While it is important to acknowledge the challenges highlighted by Roach, it is equally important to recognize the progress Hong Kong continues to make despite these obstacles. The city has successfully overcome adversity throughout its history. Its ability to adapt and innovate should not be underestimated.

Martin Cheng, Kowloon City

Are we marketing Hong Kong correctly with the mega-event offensive?

Having worked in advertising and marketing for most of my life and experienced the rollercoaster ride of life in the ever-interesting Hong Kong, I wonder if we have perhaps lost our bearings and lost sight of what this city really needs.

There seem to be many major events, but others have askedCould less be more? (“Quality is more important than quantity at major events”, June 9). Could we achieve more relevance and less randomness, thus avoiding events that come and go and lack sustainability?

Without turning this into a tome or a treatise on the basics of marketing, do those who want to make Hong Kong “mega” know who they are talking to and are not simply firing blanks and missing the primary targets?

Or are we happy when we just talk to ourselves?

Hans Ebert, Wan Chai

The BJP was undoubtedly the biggest winner at the ballot box

I refer to the letter“Narendra Modi’s BJP has won a victory that feels like a defeat” (June 7). Such articles are published after Modi’s party won 240 seats although a profit of over 300 was expected.
We should note that in the Indian lower house (Lok Sabha) the halfway mark for A The simple majority is 272 seats and no other party has achieved even a three-digit amount in this election. Congress Party had the most seats of all, with 99. And the opposition coalition, which Indian National Development Alliancereceived 232 seats. By comparison, the BJP’s coalition government won 293 seats, far more than the 272 needed to form a government. It is therefore the clear winner.

Yet your correspondent believes Modi should resign. What is the logic behind this? Modi is a world leader and his achievements as Indian Prime Minister over the past decade are enormous – the list is too long to mention here.

By the time this letter is published, I am convinced that Modi will already took the oath as Prime Minister for a third term.

Dipak Kumar, Hung Hom

Warmongering at D-Day event inappropriate

The commemoration in Normandy of 80th anniversary of D-Day It was about commemorating the heroes who lost their lives in World War II, a war in which it is estimated that over 55 million people lost their lives.

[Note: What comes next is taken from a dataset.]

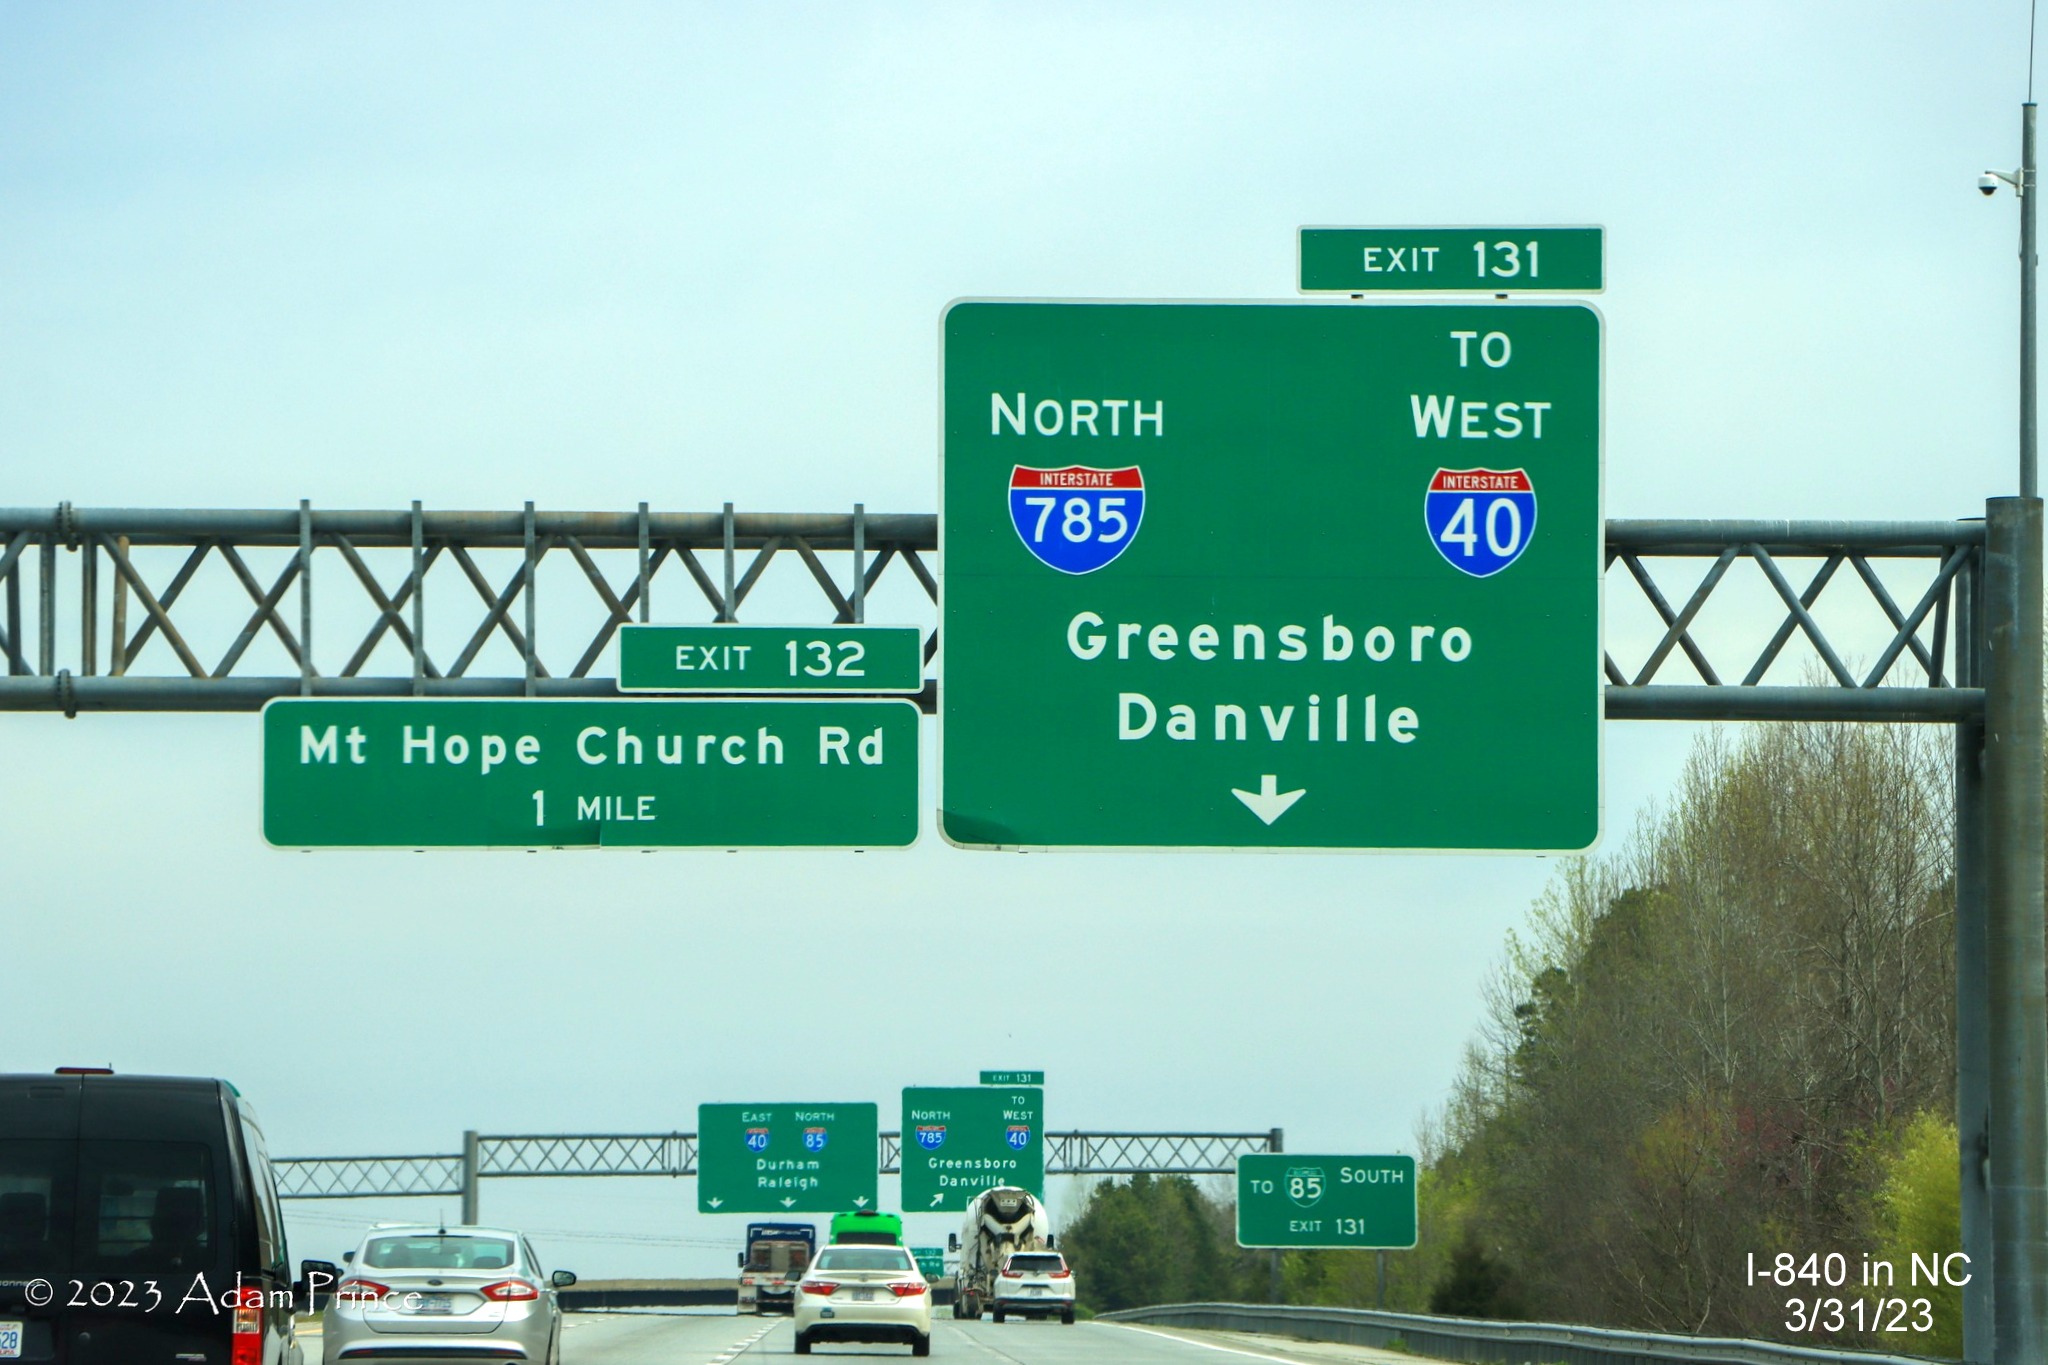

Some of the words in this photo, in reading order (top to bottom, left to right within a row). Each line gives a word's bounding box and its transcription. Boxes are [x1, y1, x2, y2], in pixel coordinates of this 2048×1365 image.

We vow that such a tragedy must never happen again. At the same time, we are shocked when speeches draw comparisons with the war between Russia and Ukraine and various heads of state vow to continue to fuel this war with more money and weapons.

If this senseless escalation continues, it could cost many times the number of lives lost in World War II. American and European leaders should organize a referendum so that their peoples can have their say on this.